(Extracted records)
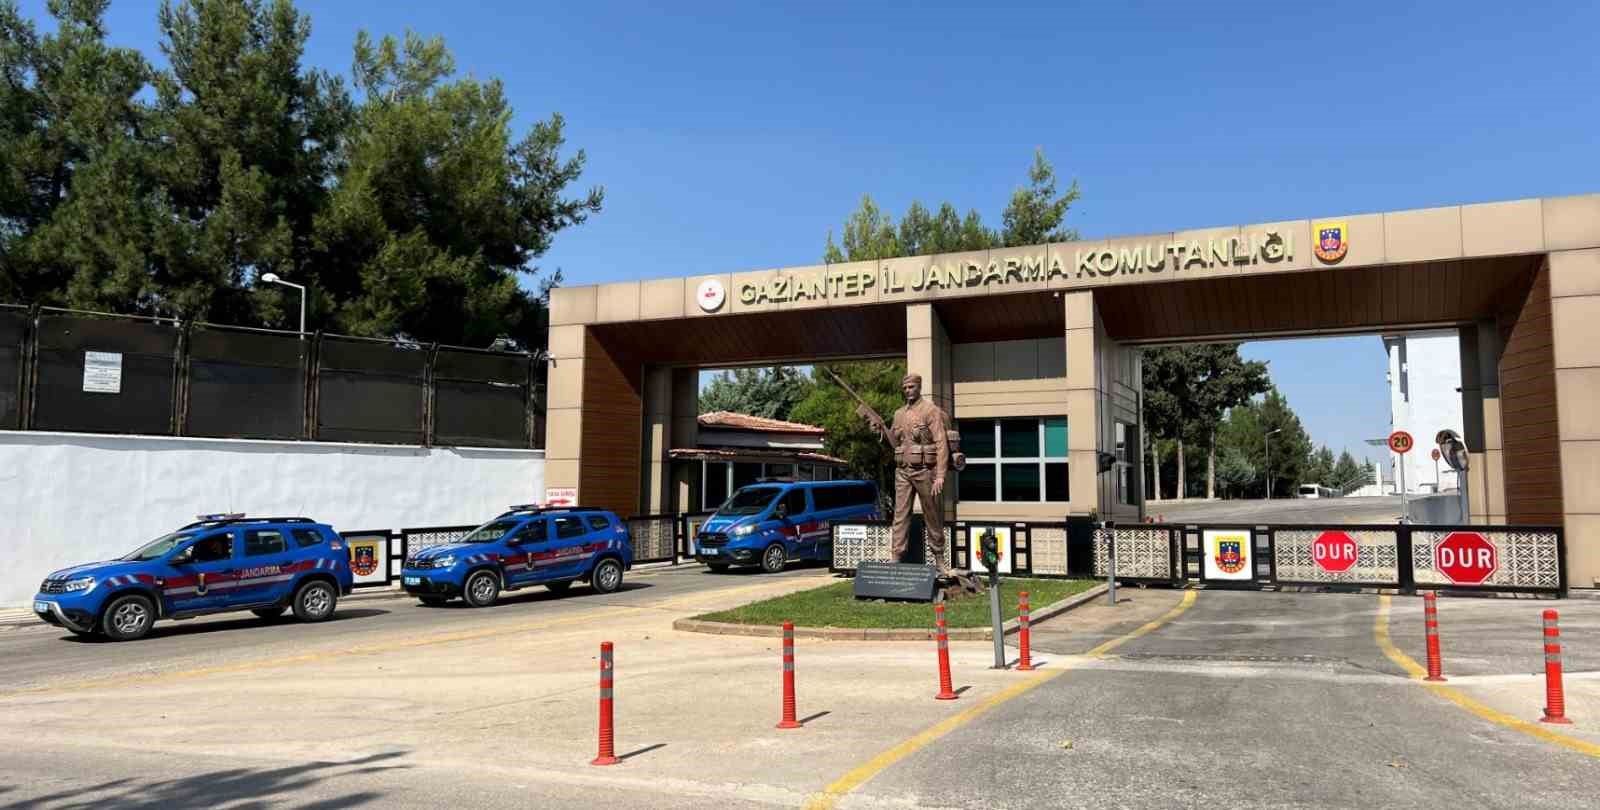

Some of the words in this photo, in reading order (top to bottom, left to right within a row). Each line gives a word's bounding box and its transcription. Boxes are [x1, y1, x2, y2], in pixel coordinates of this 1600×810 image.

[740, 270, 875, 304] GAZİANTEP
[883, 265, 905, 294] İL
[912, 251, 1068, 291] JANDARMA
[1074, 230, 1294, 279] KOMUTANLIĞI
[1392, 436, 1409, 448] 20
[1315, 543, 1355, 560] DUR
[1440, 547, 1493, 569] DUR
[240, 565, 281, 579] JANDARMA
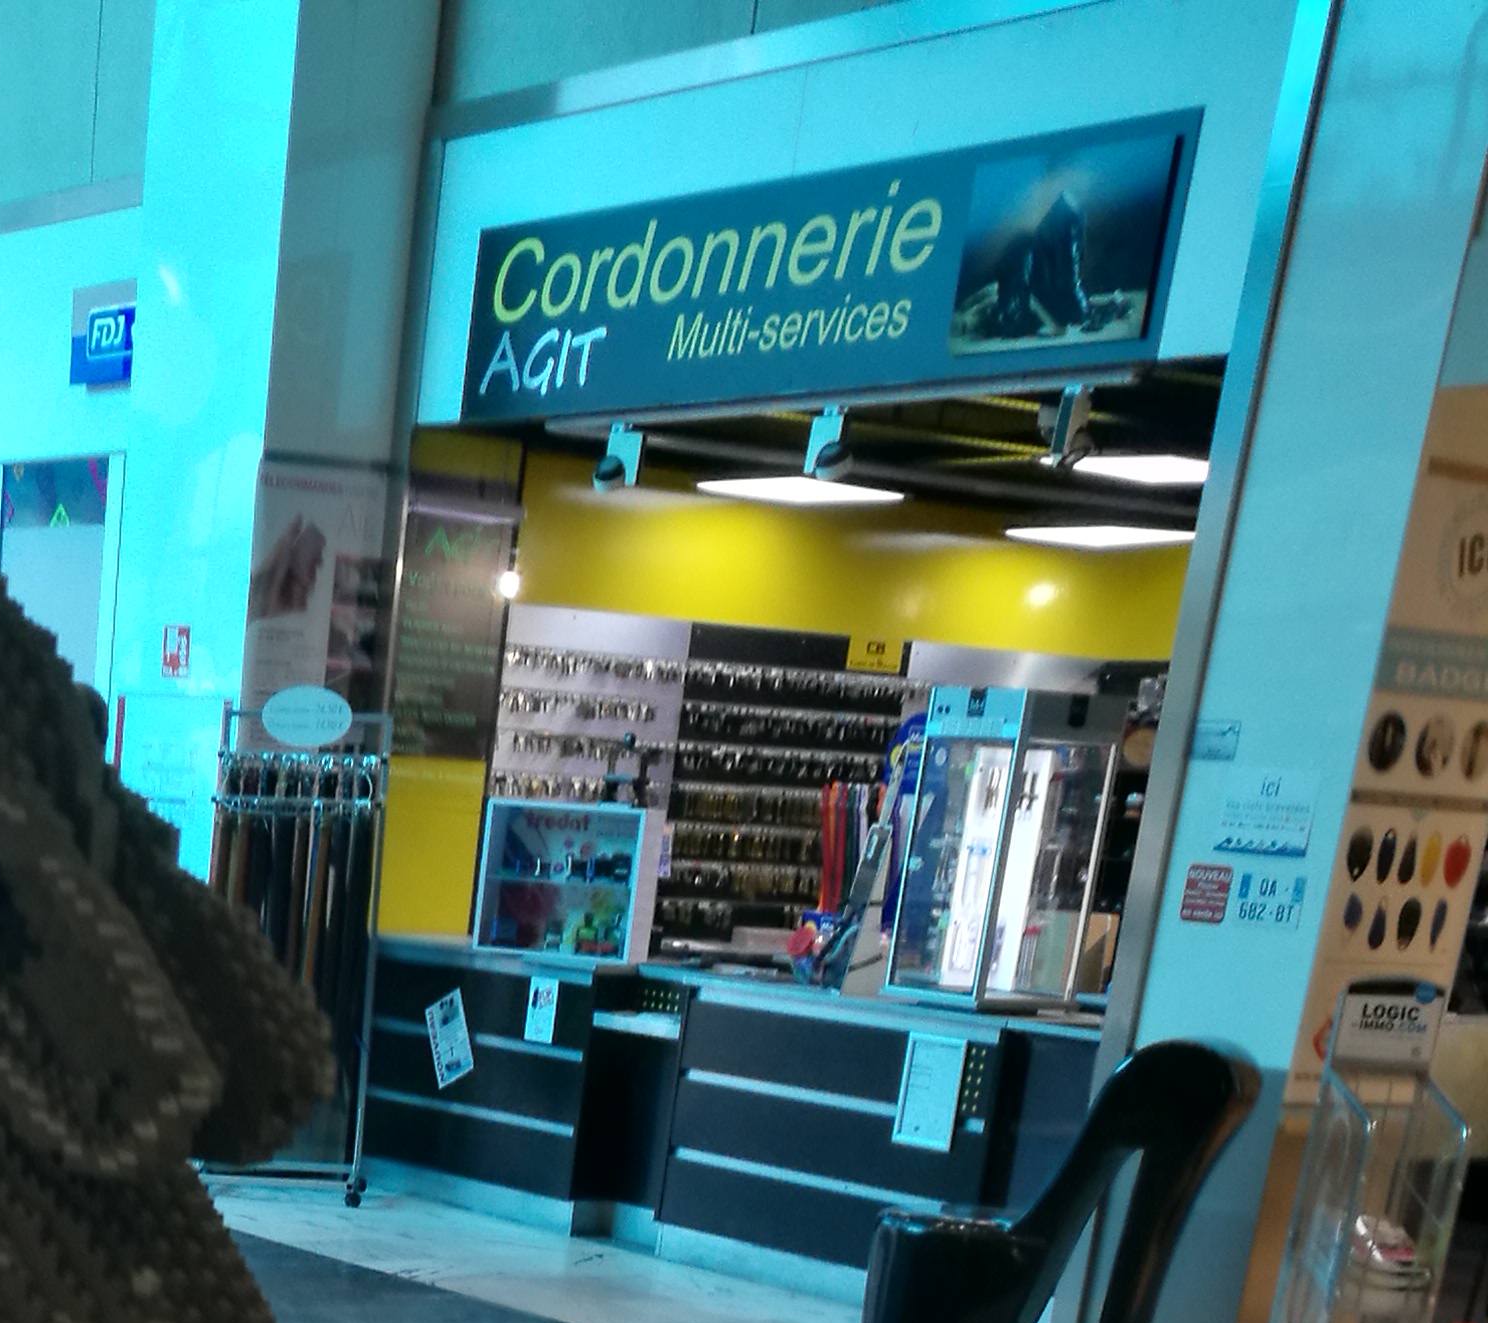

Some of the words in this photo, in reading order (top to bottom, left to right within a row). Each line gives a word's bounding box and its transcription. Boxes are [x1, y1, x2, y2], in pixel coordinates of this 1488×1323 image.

[494, 180, 943, 323] Cordonnerie
[92, 314, 126, 348] FDJ
[666, 294, 912, 362] Multi-services
[479, 326, 607, 397] AGIT
[1458, 533, 1488, 579] IC
[1260, 777, 1282, 797] ici
[1362, 1002, 1421, 1021] LOGIC
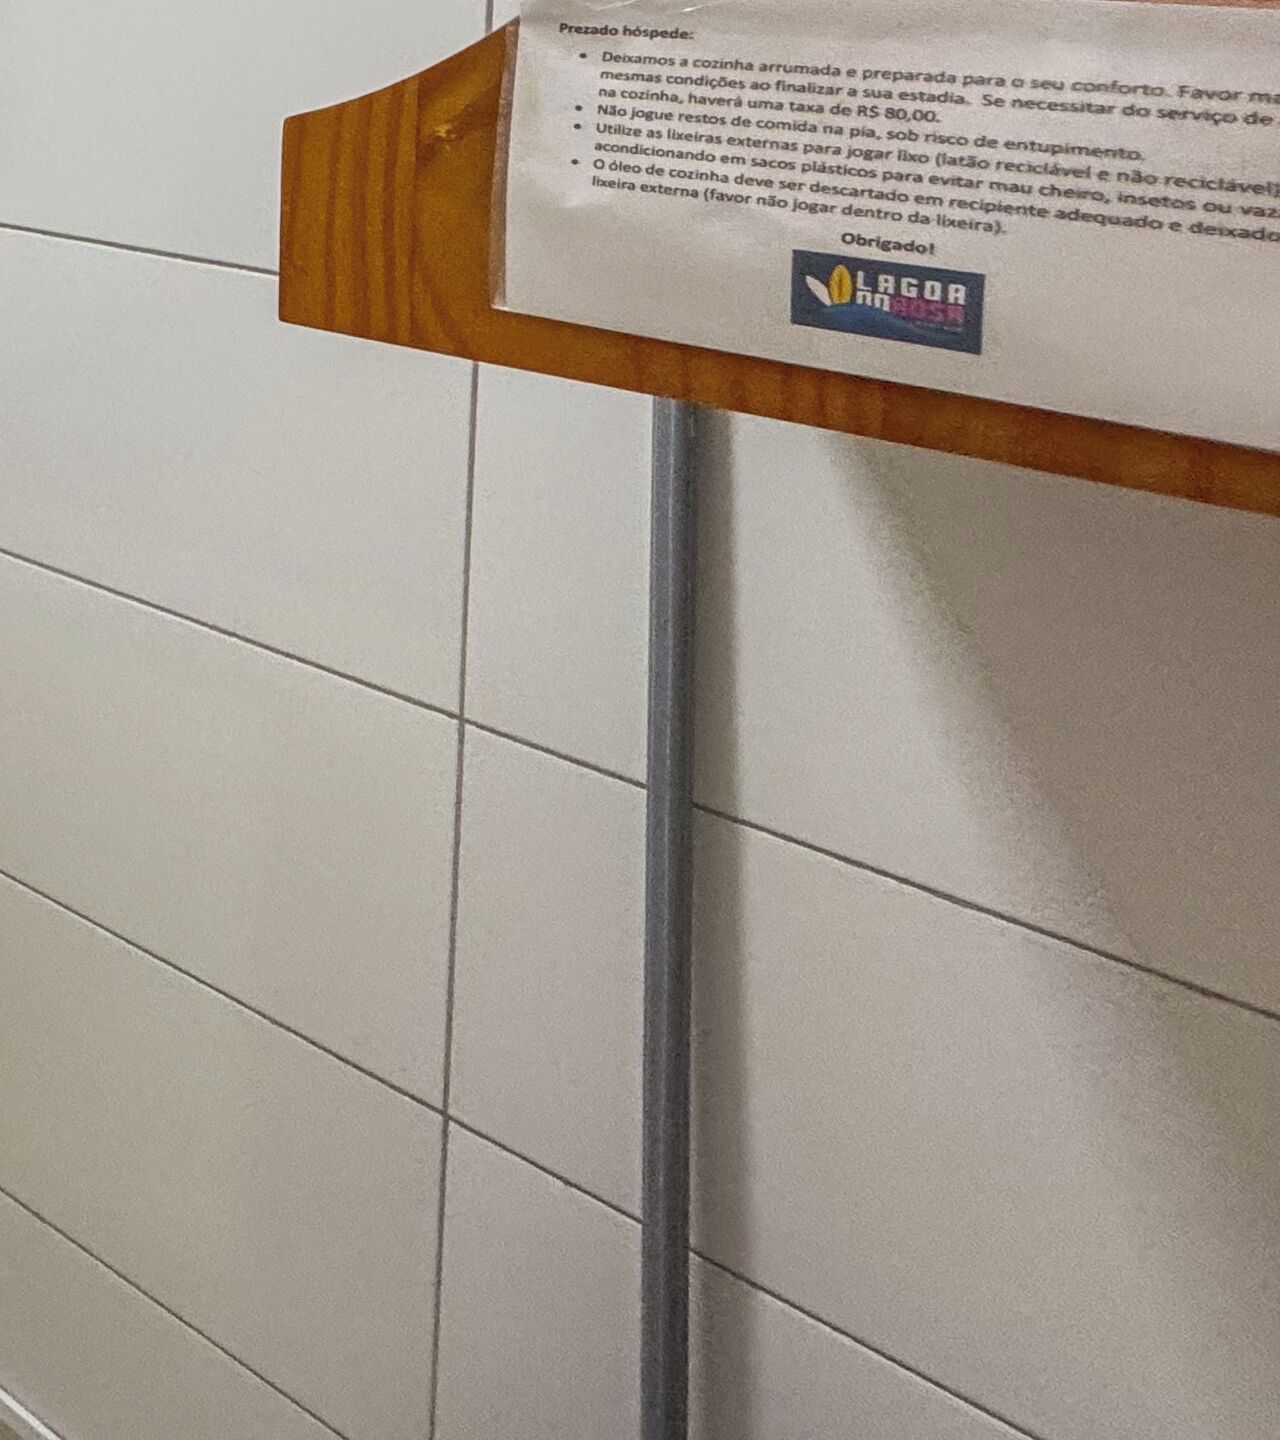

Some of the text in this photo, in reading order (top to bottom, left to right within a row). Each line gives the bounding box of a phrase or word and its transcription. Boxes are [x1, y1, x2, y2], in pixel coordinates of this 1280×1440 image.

[559, 23, 694, 40] Prezado hóspede:
[600, 69, 1274, 126] mesmas condições ao finalizar a sua estadia. Se necessitar do serviço de
[602, 51, 675, 66] Deixamos
[680, 59, 688, 67] a
[692, 58, 754, 71] cozinha
[759, 63, 841, 77] arrumada
[846, 69, 857, 78] e
[862, 68, 956, 84] preparada
[962, 73, 1006, 88] para
[1011, 78, 1024, 88] o
[1030, 78, 1064, 91] seu
[1178, 85, 1243, 101] Favor
[597, 103, 1144, 161] Não jogue restos de comida na pia, sob risco de entupimento.
[599, 87, 617, 98] na
[621, 89, 684, 104] cozinha,
[688, 93, 743, 108] haverá
[747, 101, 784, 111] uma
[790, 101, 825, 114] taxa
[829, 103, 853, 116] de
[884, 108, 940, 123] 80,00.
[594, 141, 716, 162] acondicionando
[720, 154, 746, 165] em
[750, 157, 796, 171] sacos
[801, 160, 877, 178] plásticos
[882, 169, 923, 183] para
[928, 174, 984, 189] evitar
[989, 180, 1032, 194] mau
[1038, 184, 1111, 204] cheiro,
[1117, 191, 1196, 210] insetos
[1202, 201, 1232, 214] ou
[596, 122, 642, 138] Utilize
[646, 128, 662, 139] as
[667, 128, 722, 145] lixeiras
[726, 136, 798, 152] externas
[803, 141, 841, 156] para
[847, 145, 892, 161] jogar
[897, 149, 930, 164] lixo
[936, 152, 990, 170] (latão
[995, 159, 1092, 179] reciclável
[1097, 169, 1110, 181] e
[1117, 170, 1158, 185] não
[592, 175, 1006, 236] lixeira externa (favor não jogar dentro da lixeira).
[593, 159, 605, 170] O
[608, 159, 641, 174] óleo
[645, 163, 665, 176] de
[669, 168, 729, 184] cozinha
[734, 173, 774, 189] deve
[778, 180, 806, 192] ser
[809, 181, 909, 203] descartado
[914, 194, 944, 207] em
[949, 195, 1050, 218] recipiente
[1055, 209, 1164, 230] adequado
[1168, 220, 1183, 232] e
[841, 233, 936, 255] Obrigado!
[856, 270, 966, 305] LAGOA
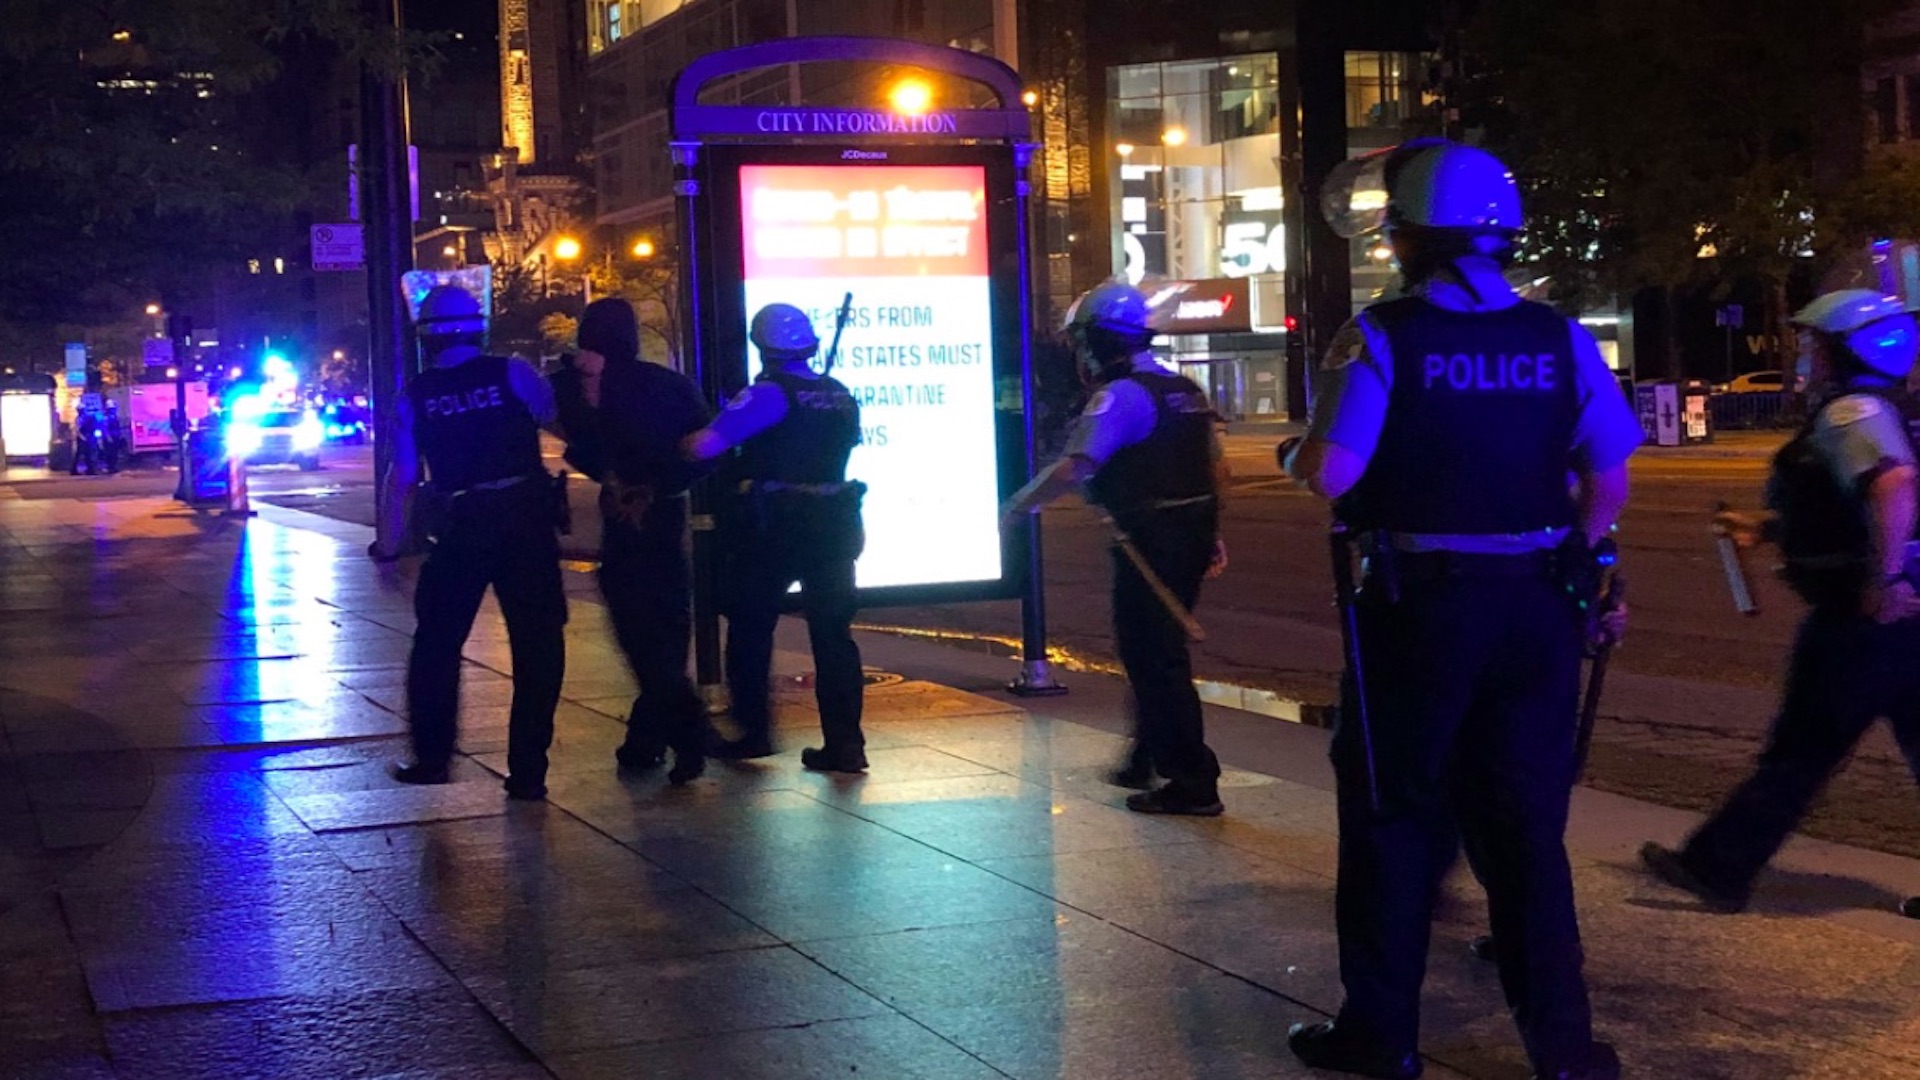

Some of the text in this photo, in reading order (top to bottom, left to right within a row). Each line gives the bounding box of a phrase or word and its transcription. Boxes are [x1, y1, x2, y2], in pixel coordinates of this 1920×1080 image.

**What the exercise asks:** Each word of the data should be repeated exactly, and the pictures left out.

**Response area:**
Some of the words in this photo, in reading order (top to bottom, left to right within a row). Each line gives a word's bounding box and its transcription. Boxes are [x1, y1, x2, y2], in pixel coordinates of this 1600×810 image.

[740, 270, 875, 304] GAZİANTEP
[883, 265, 905, 294] İL
[912, 251, 1068, 291] JANDARMA
[1074, 230, 1294, 279] KOMUTANLIĞI
[1392, 436, 1409, 448] 20
[1315, 543, 1355, 560] DUR
[1440, 547, 1493, 569] DUR
[240, 565, 281, 579] JANDARMA

Some of the words in this photo, in reading order (top to bottom, left to right within a row). Each line gives a word's bounding box and its transcription. Boxes are [x1, y1, x2, y2], in pixel coordinates of this 1488×1323 image.

[494, 180, 943, 323] Cordonnerie
[92, 314, 126, 348] FDJ
[666, 294, 912, 362] Multi-services
[479, 326, 607, 397] AGIT
[1458, 533, 1488, 579] IC
[1260, 777, 1282, 797] ici
[1362, 1002, 1421, 1021] LOGIC

Some of the text in this photo, in reading order (top to bottom, left to right within a row). Each line gives the bounding box of a phrase or word and its transcription. Boxes are [x1, y1, x2, y2], in pixel coordinates of this 1280×1440 image.

[559, 23, 694, 40] Prezado hóspede:
[600, 69, 1274, 126] mesmas condições ao finalizar a sua estadia. Se necessitar do serviço de
[602, 51, 675, 66] Deixamos
[680, 59, 688, 67] a
[692, 58, 754, 71] cozinha
[759, 63, 841, 77] arrumada
[846, 69, 857, 78] e
[862, 68, 956, 84] preparada
[962, 73, 1006, 88] para
[1011, 78, 1024, 88] o
[1030, 78, 1064, 91] seu
[1178, 85, 1243, 101] Favor
[597, 103, 1144, 161] Não jogue restos de comida na pia, sob risco de entupimento.
[599, 87, 617, 98] na
[621, 89, 684, 104] cozinha,
[688, 93, 743, 108] haverá
[747, 101, 784, 111] uma
[790, 101, 825, 114] taxa
[829, 103, 853, 116] de
[884, 108, 940, 123] 80,00.
[594, 141, 716, 162] acondicionando
[720, 154, 746, 165] em
[750, 157, 796, 171] sacos
[801, 160, 877, 178] plásticos
[882, 169, 923, 183] para
[928, 174, 984, 189] evitar
[989, 180, 1032, 194] mau
[1038, 184, 1111, 204] cheiro,
[1117, 191, 1196, 210] insetos
[1202, 201, 1232, 214] ou
[596, 122, 642, 138] Utilize
[646, 128, 662, 139] as
[667, 128, 722, 145] lixeiras
[726, 136, 798, 152] externas
[803, 141, 841, 156] para
[847, 145, 892, 161] jogar
[897, 149, 930, 164] lixo
[936, 152, 990, 170] (latão
[995, 159, 1092, 179] reciclável
[1097, 169, 1110, 181] e
[1117, 170, 1158, 185] não
[592, 175, 1006, 236] lixeira externa (favor não jogar dentro da lixeira).
[593, 159, 605, 170] O
[608, 159, 641, 174] óleo
[645, 163, 665, 176] de
[669, 168, 729, 184] cozinha
[734, 173, 774, 189] deve
[778, 180, 806, 192] ser
[809, 181, 909, 203] descartado
[914, 194, 944, 207] em
[949, 195, 1050, 218] recipiente
[1055, 209, 1164, 230] adequado
[1168, 220, 1183, 232] e
[841, 233, 936, 255] Obrigado!
[856, 270, 966, 305] LAGOA

Some of the text in this photo, in reading order (top to bottom, left to right within a row). Each line gives the bounding box of a phrase or word and its transcription. Boxes are [x1, y1, x2, y2], in pixel coordinates of this 1920×1080 image.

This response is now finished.